From our more intimate acquaintance with domestic animals, we cannot conceive their extinction without some glaring agency; we forget that they would undoubtedly in a state of nature (where other animals are ready to fill up their place) be acted on in some part of their lives by a destroying agency, keeping their numbers on an average constant. If the common ox was known only as a wild S. African species, we should feel no surprise at hearing that it was a very rare species; and this rarity would be a stage towards its extinction. Even in man, so infinitely better known than any other inhabitant of this world, how impossible it has been found, without statistical calculations, to judge of the proportions of births and deaths, of the duration of life, and of the increase and decrease of population; and still less of the causes of such changes: and yet, as has so often been repeated, decrease in numbers or rarity seems to be the high-road to extinction. To marvel at the extermination of a species appears to me to be the same thing as to know that illness is the road to death,--to look at illness as an ordinary event, nevertheless to conclude, when the sick man dies, that his death has been caused by some unknown and violent agency{338}.

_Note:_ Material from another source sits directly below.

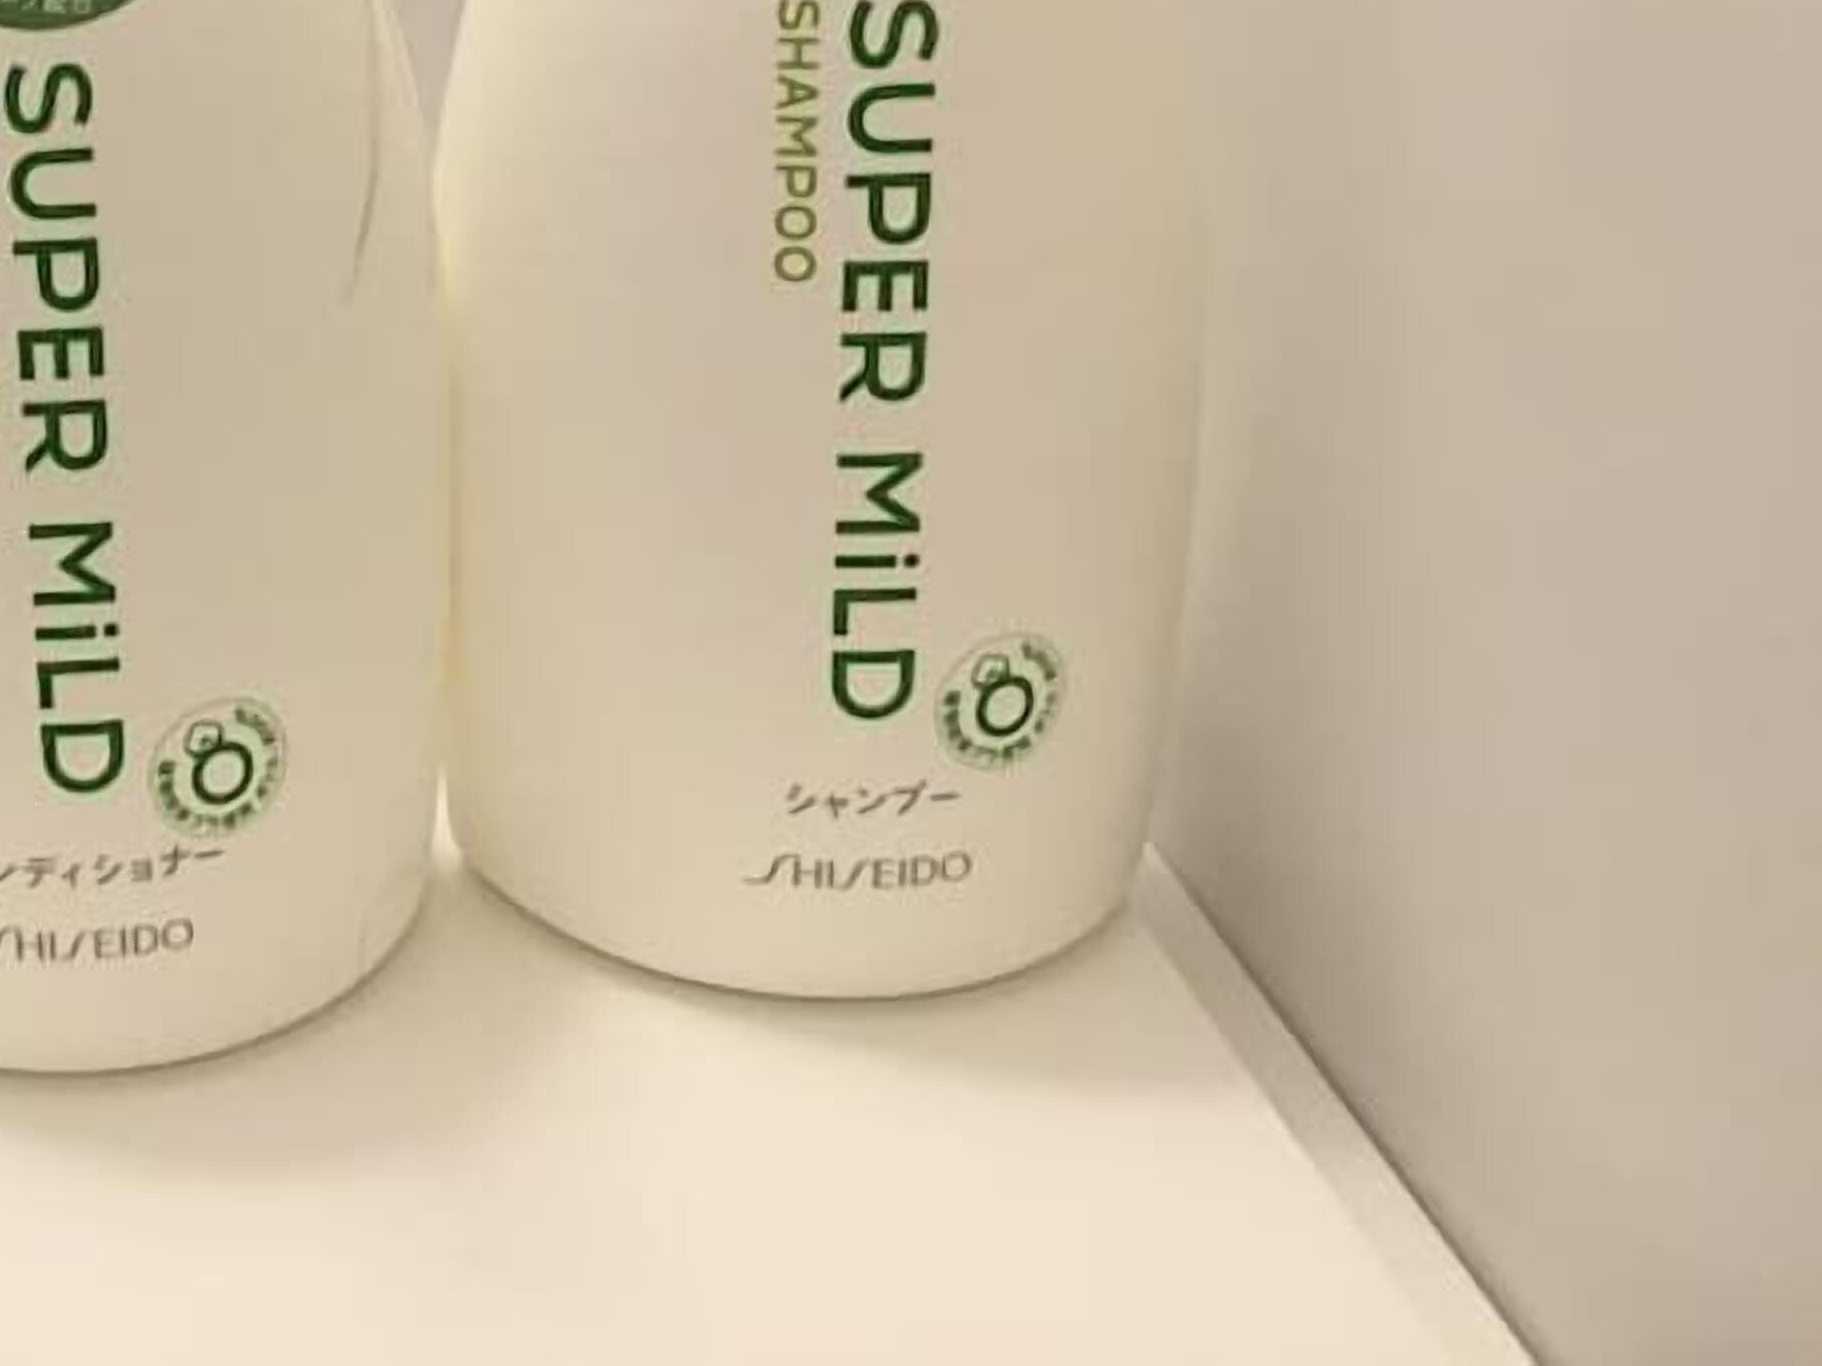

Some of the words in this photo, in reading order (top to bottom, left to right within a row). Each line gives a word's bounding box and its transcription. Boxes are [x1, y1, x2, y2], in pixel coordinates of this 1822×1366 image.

{338} An almost identical sentence occurs in the _Origin_, Ed. i.

p. 320, vi. p. 462.

In a future part of this work we shall show that, as a general rule, groups of allied species{339} gradually appear and disappear, one after the other, on the face of the earth, like the individuals of the same species: and we shall then endeavour to show the probable cause of this remarkable fact.

{339} _Origin_, Ed. i. p. 316, vi. p. 457.

CHAPTER VI

ON THE GEOGRAPHICAL DISTRIBUTION OF ORGANIC BEINGS IN PAST AND PRESENT TIMES

For convenience sake I shall divide this chapter into three sections{340}. In the first place I shall endeavour to state the laws of the distribution of existing beings, as far as our present object is concerned; in the second, that of extinct; and in the third section I shall consider how far these laws accord with the theory of allied species having a common descent.

{340} Chapters XI and XII in the _Origin_, Ed. i., vi. chs. XII and XIII ("On geographical distribution") show signs of having been originally one, in the fact that one summary serves for both. The geological element is not separately treated there, nor is there a separate section on "how far these laws accord with the theory, &c."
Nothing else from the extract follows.